WHAT THIS TASK INVOLVES
Write the listing out once more, identical to the original but without pictures.

RECORDS TO USE
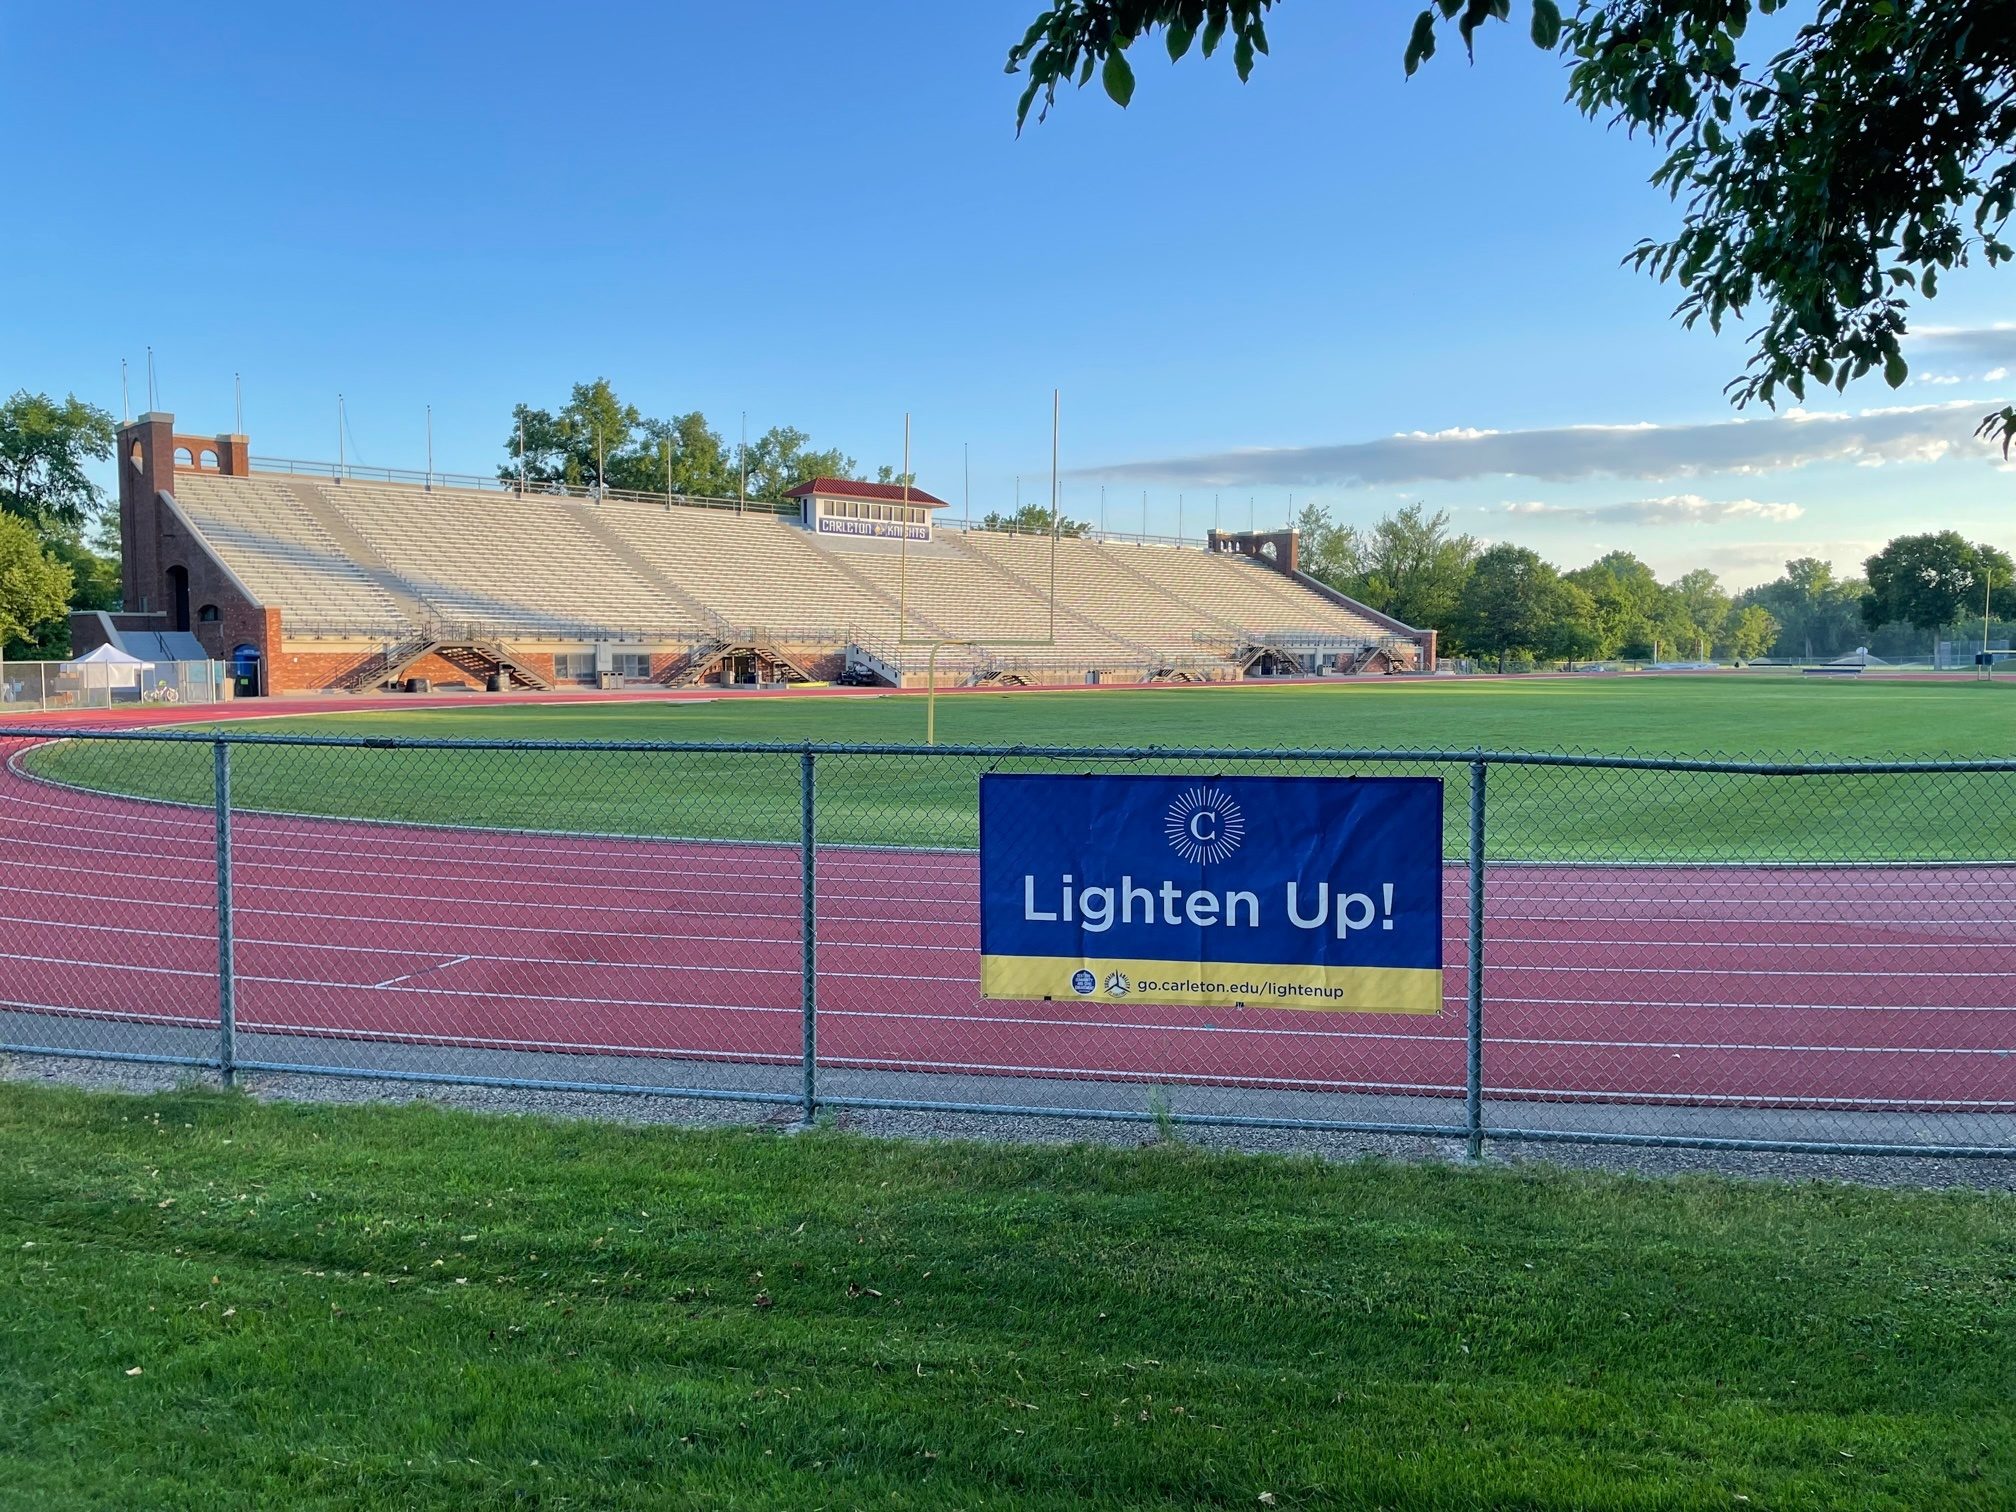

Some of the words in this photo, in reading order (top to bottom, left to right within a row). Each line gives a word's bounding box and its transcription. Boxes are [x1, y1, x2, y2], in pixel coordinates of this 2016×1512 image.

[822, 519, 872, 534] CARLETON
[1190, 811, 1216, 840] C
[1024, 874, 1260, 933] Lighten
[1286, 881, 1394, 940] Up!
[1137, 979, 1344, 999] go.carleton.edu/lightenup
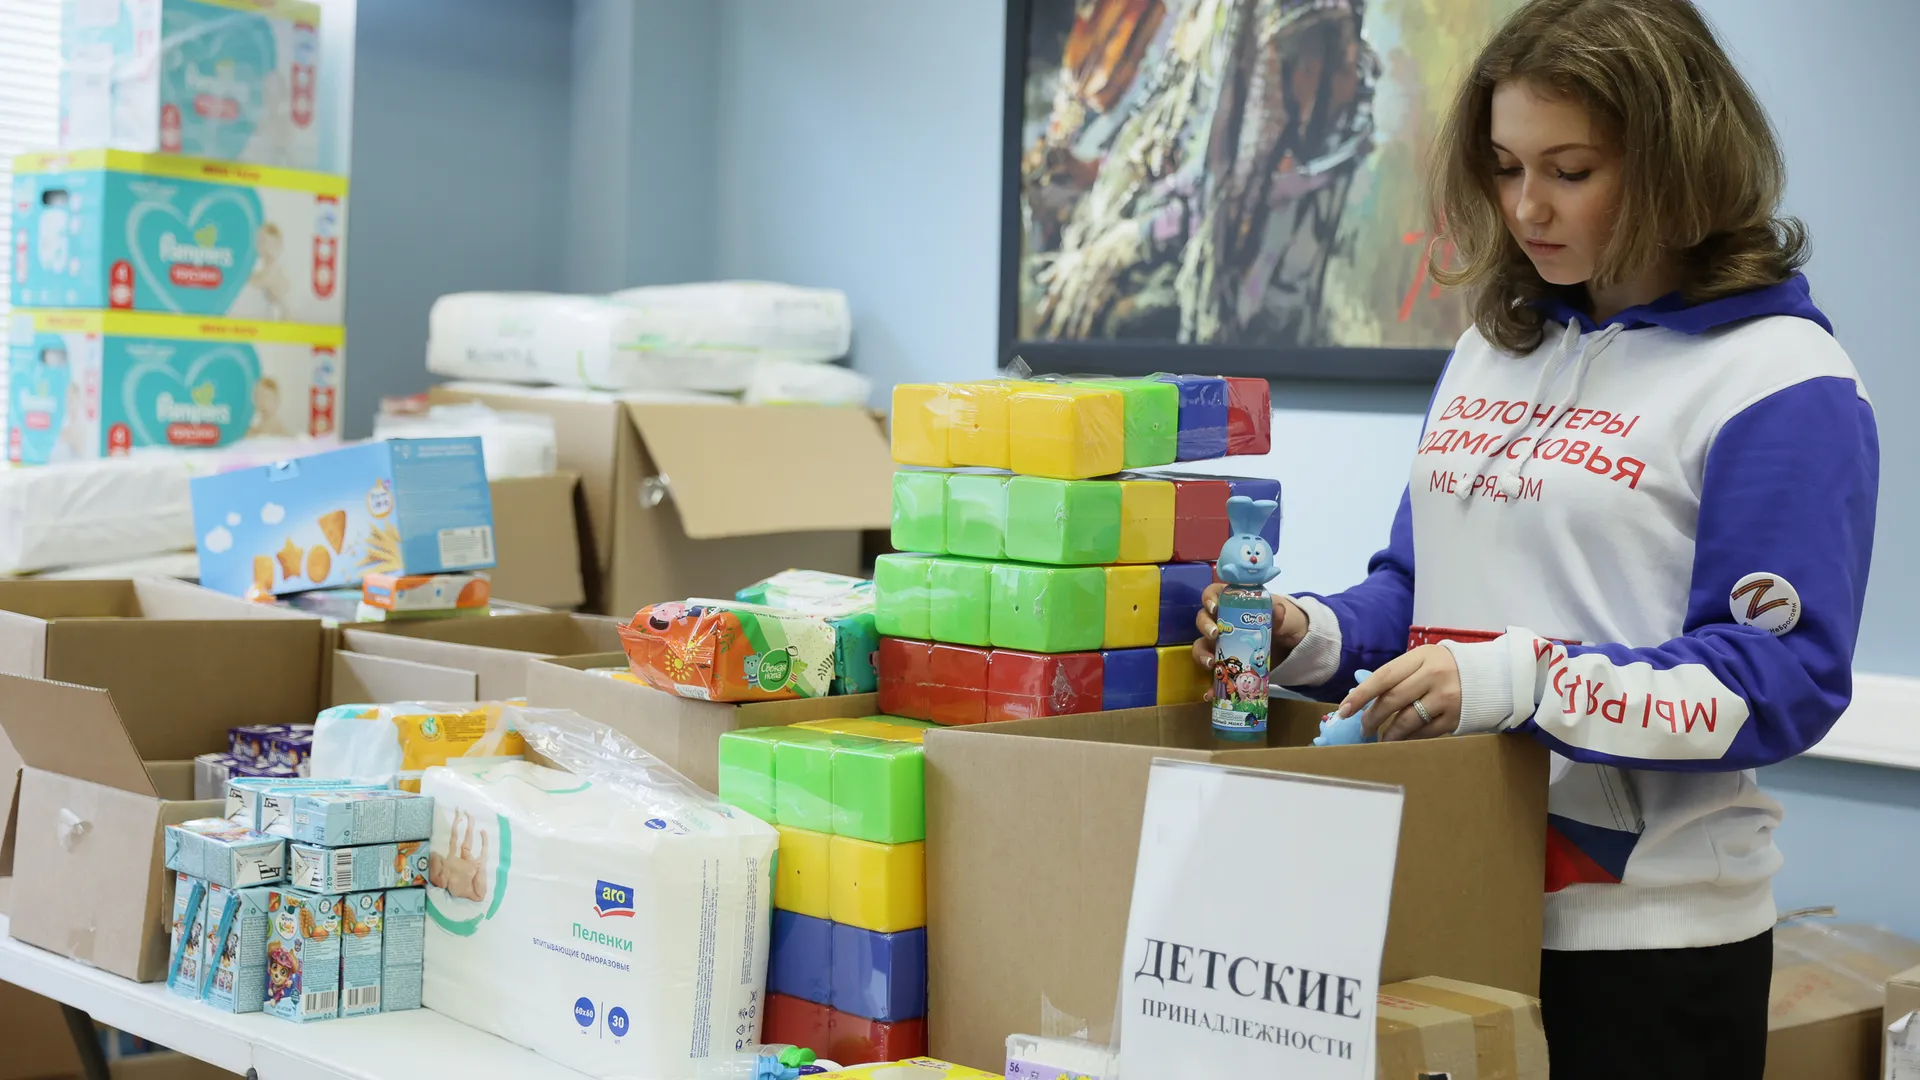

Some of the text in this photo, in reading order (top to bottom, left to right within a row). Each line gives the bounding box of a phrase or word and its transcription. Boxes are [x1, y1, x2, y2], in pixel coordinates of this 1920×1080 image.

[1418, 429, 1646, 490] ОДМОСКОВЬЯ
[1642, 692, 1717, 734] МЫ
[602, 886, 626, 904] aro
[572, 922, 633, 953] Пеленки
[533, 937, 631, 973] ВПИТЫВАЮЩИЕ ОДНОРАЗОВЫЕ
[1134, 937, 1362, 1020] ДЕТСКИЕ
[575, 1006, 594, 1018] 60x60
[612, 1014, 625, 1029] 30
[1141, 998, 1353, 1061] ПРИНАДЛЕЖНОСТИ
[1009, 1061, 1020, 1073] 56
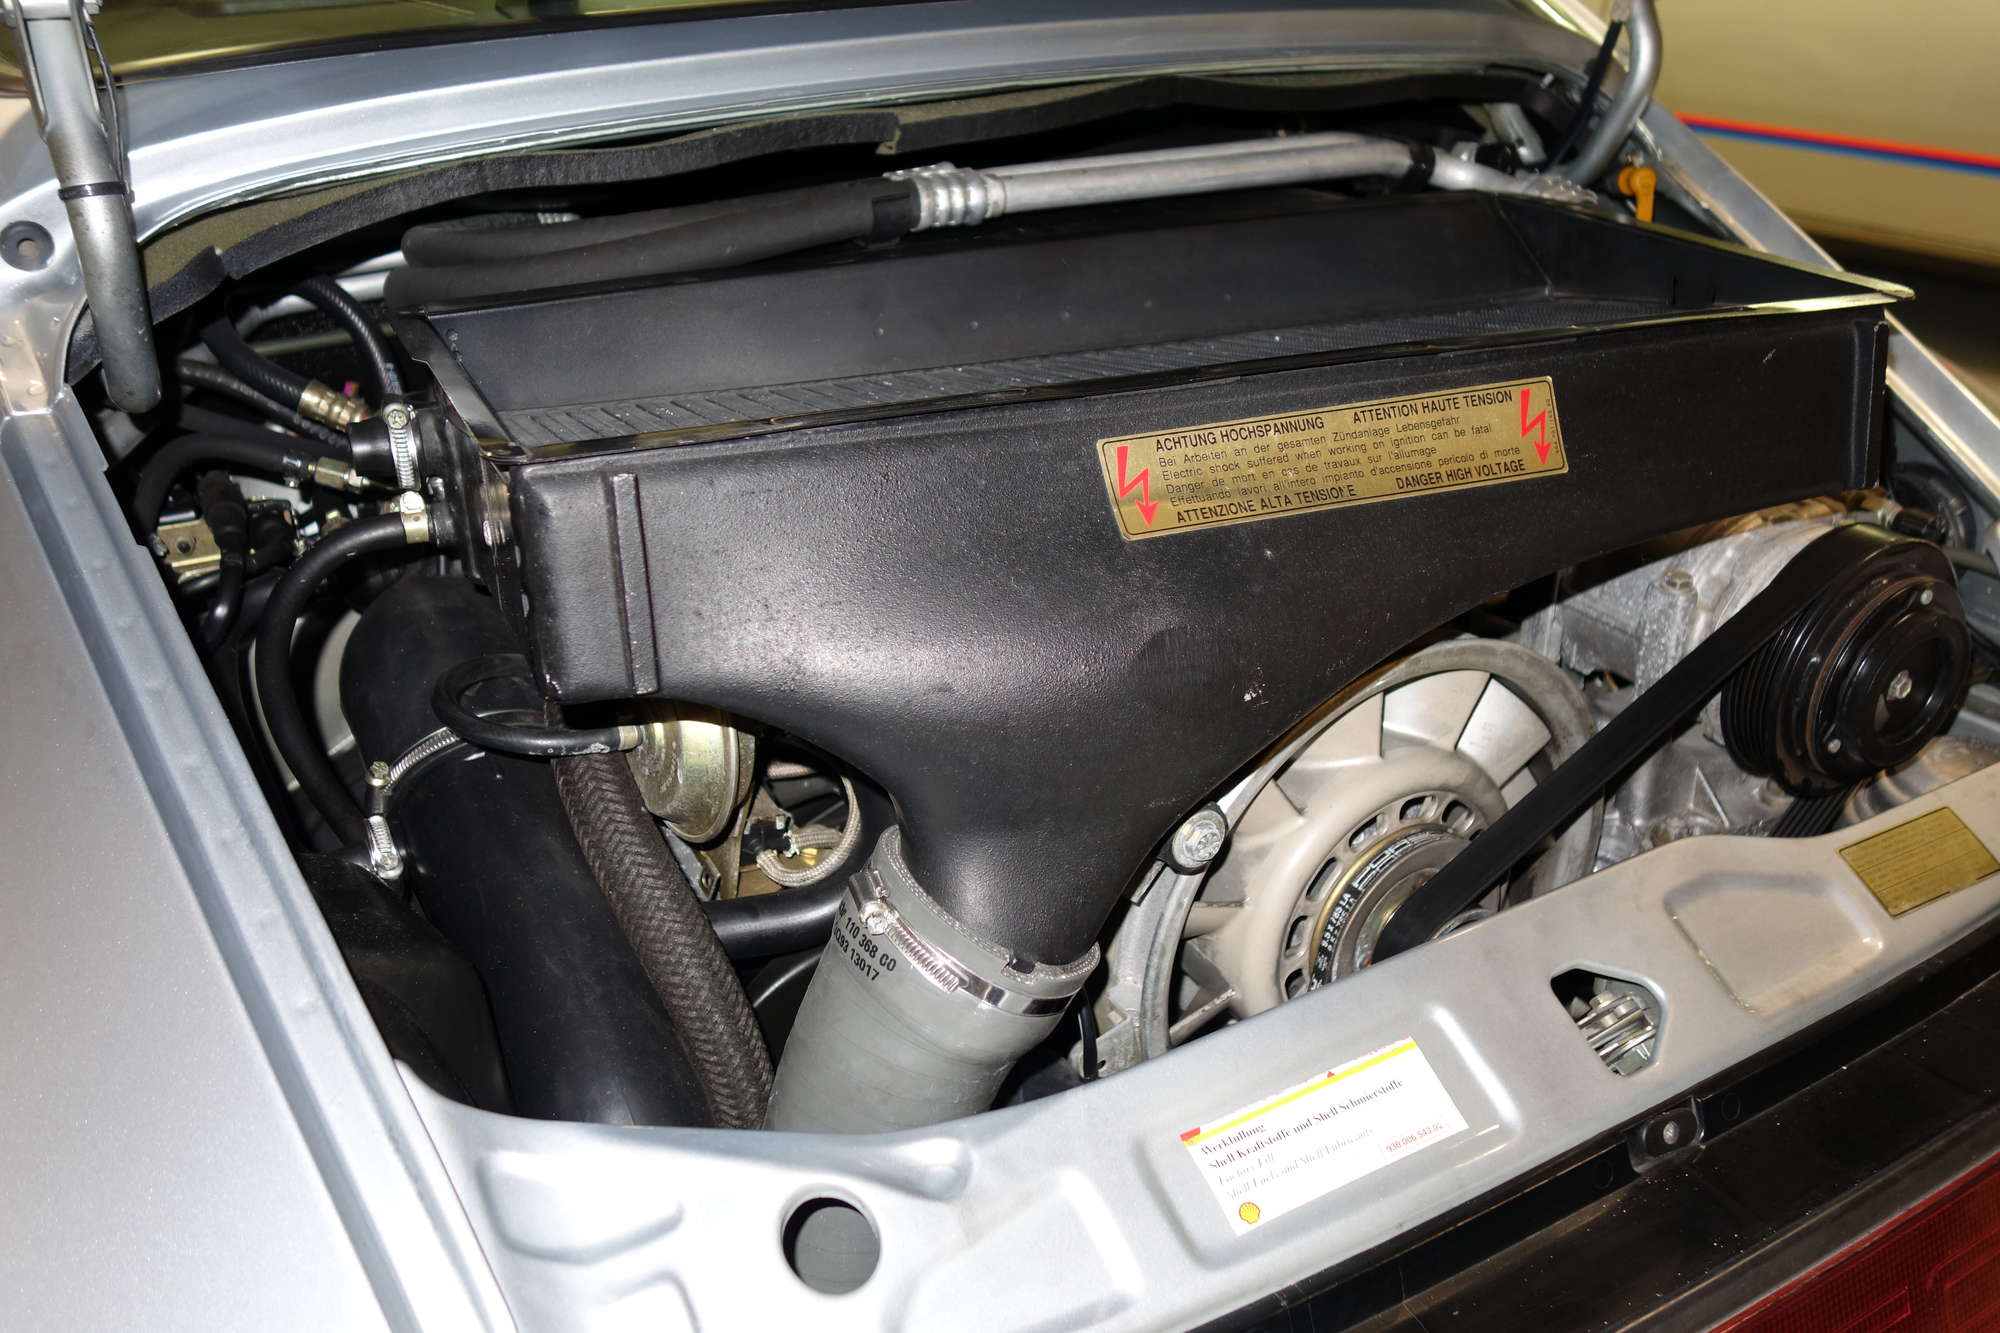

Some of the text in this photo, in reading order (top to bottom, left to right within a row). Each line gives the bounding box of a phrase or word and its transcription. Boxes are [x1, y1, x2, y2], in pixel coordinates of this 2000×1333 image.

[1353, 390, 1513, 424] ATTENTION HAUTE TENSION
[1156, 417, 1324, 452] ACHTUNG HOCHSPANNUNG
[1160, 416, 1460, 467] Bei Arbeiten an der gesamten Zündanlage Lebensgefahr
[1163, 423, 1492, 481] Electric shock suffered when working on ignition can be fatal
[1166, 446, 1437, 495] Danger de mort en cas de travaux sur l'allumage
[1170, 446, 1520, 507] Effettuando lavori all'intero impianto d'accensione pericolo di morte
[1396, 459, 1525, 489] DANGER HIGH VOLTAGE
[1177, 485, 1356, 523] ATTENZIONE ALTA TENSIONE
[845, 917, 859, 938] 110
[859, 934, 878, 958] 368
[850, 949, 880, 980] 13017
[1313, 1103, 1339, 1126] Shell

ANSWER TO THIS EXERCISE
Some of the words in this photo, in reading order (top to bottom, left to right within a row). Each line gives a word's bounding box and its transcription. Boxes are [x1, y1, x2, y2], in pixel coordinates of this 2016×1512 image.

[822, 519, 872, 534] CARLETON
[1190, 811, 1216, 840] C
[1024, 874, 1260, 933] Lighten
[1286, 881, 1394, 940] Up!
[1137, 979, 1344, 999] go.carleton.edu/lightenup

Some of the text in this photo, in reading order (top to bottom, left to right within a row). Each line gives the bounding box of a phrase or word and its transcription. Boxes are [x1, y1, x2, y2], in pixel coordinates of this 1920×1080 image.

[1418, 429, 1646, 490] ОДМОСКОВЬЯ
[1642, 692, 1717, 734] МЫ
[602, 886, 626, 904] aro
[572, 922, 633, 953] Пеленки
[533, 937, 631, 973] ВПИТЫВАЮЩИЕ ОДНОРАЗОВЫЕ
[1134, 937, 1362, 1020] ДЕТСКИЕ
[575, 1006, 594, 1018] 60x60
[612, 1014, 625, 1029] 30
[1141, 998, 1353, 1061] ПРИНАДЛЕЖНОСТИ
[1009, 1061, 1020, 1073] 56

Some of the text in this photo, in reading order (top to bottom, left to right within a row). Each line gives the bounding box of a phrase or word and its transcription. Boxes are [x1, y1, x2, y2], in pixel coordinates of this 2000×1333 image.

[1353, 390, 1513, 424] ATTENTION HAUTE TENSION
[1156, 417, 1324, 452] ACHTUNG HOCHSPANNUNG
[1160, 416, 1460, 467] Bei Arbeiten an der gesamten Zündanlage Lebensgefahr
[1163, 423, 1492, 481] Electric shock suffered when working on ignition can be fatal
[1166, 446, 1437, 495] Danger de mort en cas de travaux sur l'allumage
[1170, 446, 1520, 507] Effettuando lavori all'intero impianto d'accensione pericolo di morte
[1396, 459, 1525, 489] DANGER HIGH VOLTAGE
[1177, 485, 1356, 523] ATTENZIONE ALTA TENSIONE
[845, 917, 859, 938] 110
[859, 934, 878, 958] 368
[850, 949, 880, 980] 13017
[1313, 1103, 1339, 1126] Shell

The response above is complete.